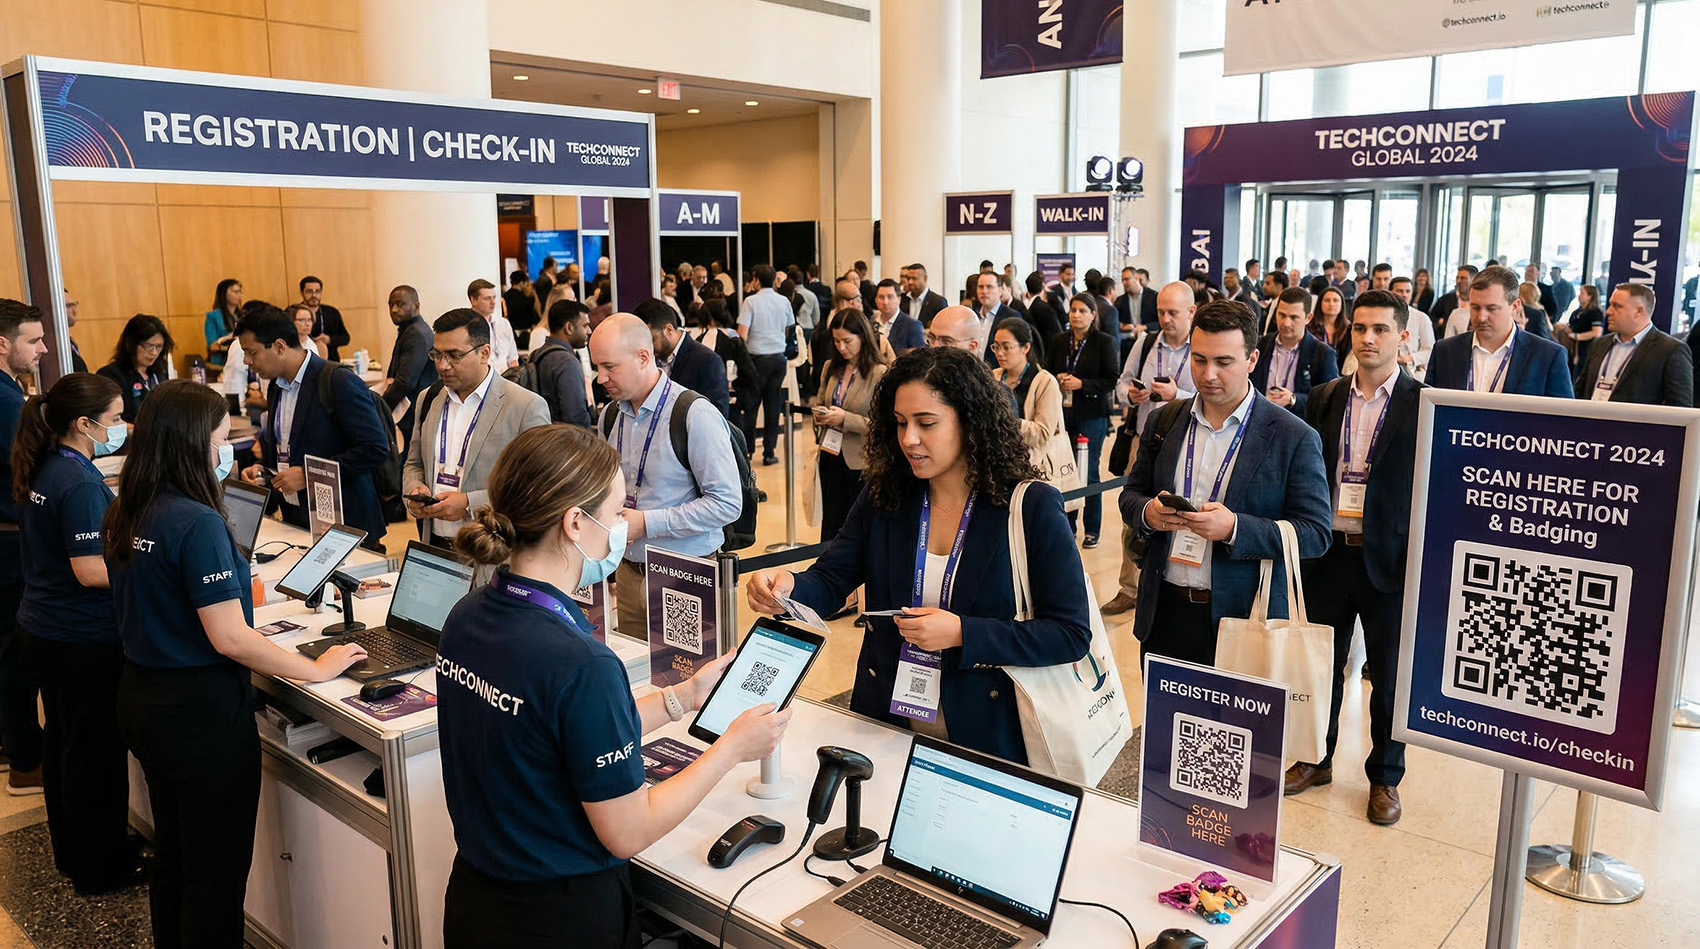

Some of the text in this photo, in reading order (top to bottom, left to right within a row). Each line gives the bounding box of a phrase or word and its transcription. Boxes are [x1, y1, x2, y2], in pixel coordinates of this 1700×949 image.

[143, 110, 400, 156] REGISTRATION
[422, 129, 556, 164] CHECK-IN
[1315, 118, 1506, 150] TECHCONNECT
[566, 141, 641, 159] TECHCONNECT
[580, 154, 630, 167] GLOBAL 2024
[1351, 145, 1478, 167] GLOBAL 2024
[677, 202, 720, 225] A-M
[959, 202, 997, 225] N-Z
[1041, 207, 1104, 222] WALK-IN
[1448, 428, 1665, 467] TECHCONNECT 2024
[1462, 466, 1639, 503] SCAN HERE FOR
[1465, 488, 1629, 526] REGISTRATION
[1488, 514, 1599, 549] & Badging
[202, 569, 233, 584] STAFF
[650, 562, 713, 588] SCAN BADGE HERE
[1160, 679, 1271, 716] REGISTER NOW
[897, 705, 930, 719] ATTENDEE
[1420, 705, 1635, 773] techconnect.io/checkin
[596, 741, 635, 768] STAFF
[1192, 804, 1228, 823] SCAN
[1186, 815, 1232, 836] BADGE
[1191, 828, 1225, 847] HERE
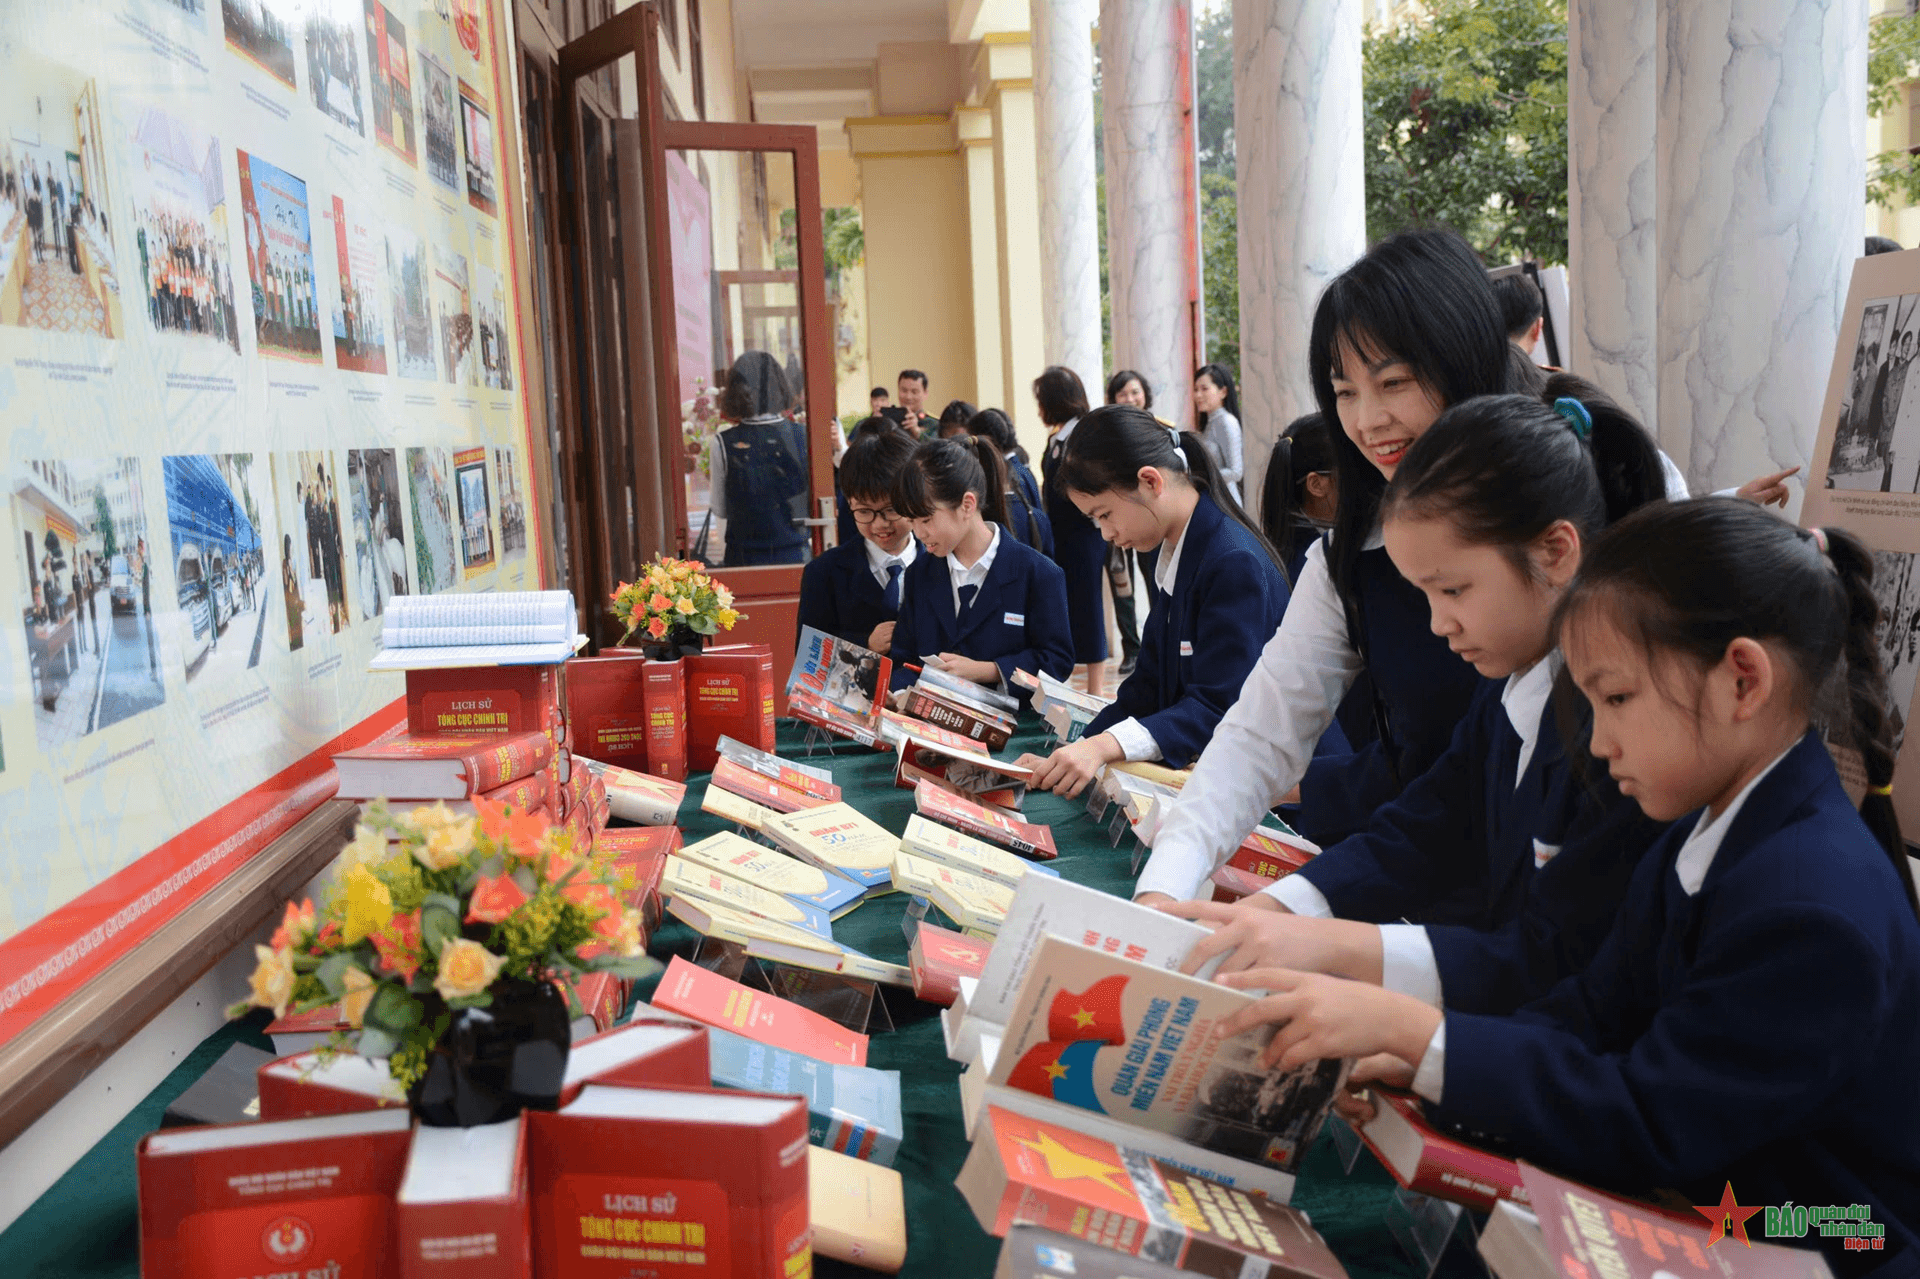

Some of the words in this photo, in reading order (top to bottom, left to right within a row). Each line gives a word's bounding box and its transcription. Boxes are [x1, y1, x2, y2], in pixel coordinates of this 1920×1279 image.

Task item: Please write out the whole listing exactly, but not the pictures in it.

Solution to this exercise:
Some of the text in this photo, in reading order (top to bottom, left to right within a row). Each line gives the bounding box of a phrase or word and its transcription. Boxes are [x1, y1, x2, y2], in pixel coordinates of this 1700×949 image.

[143, 110, 400, 156] REGISTRATION
[422, 129, 556, 164] CHECK-IN
[1315, 118, 1506, 150] TECHCONNECT
[566, 141, 641, 159] TECHCONNECT
[580, 154, 630, 167] GLOBAL 2024
[1351, 145, 1478, 167] GLOBAL 2024
[677, 202, 720, 225] A-M
[959, 202, 997, 225] N-Z
[1041, 207, 1104, 222] WALK-IN
[1448, 428, 1665, 467] TECHCONNECT 2024
[1462, 466, 1639, 503] SCAN HERE FOR
[1465, 488, 1629, 526] REGISTRATION
[1488, 514, 1599, 549] & Badging
[202, 569, 233, 584] STAFF
[650, 562, 713, 588] SCAN BADGE HERE
[1160, 679, 1271, 716] REGISTER NOW
[897, 705, 930, 719] ATTENDEE
[1420, 705, 1635, 773] techconnect.io/checkin
[596, 741, 635, 768] STAFF
[1192, 804, 1228, 823] SCAN
[1186, 815, 1232, 836] BADGE
[1191, 828, 1225, 847] HERE

Some of the words in this photo, in reading order (top to bottom, left to right within a row). Each line gives a word's bounding box and its transcription. Boxes are [x1, y1, x2, y2], in pixel coordinates of this 1920×1279 image.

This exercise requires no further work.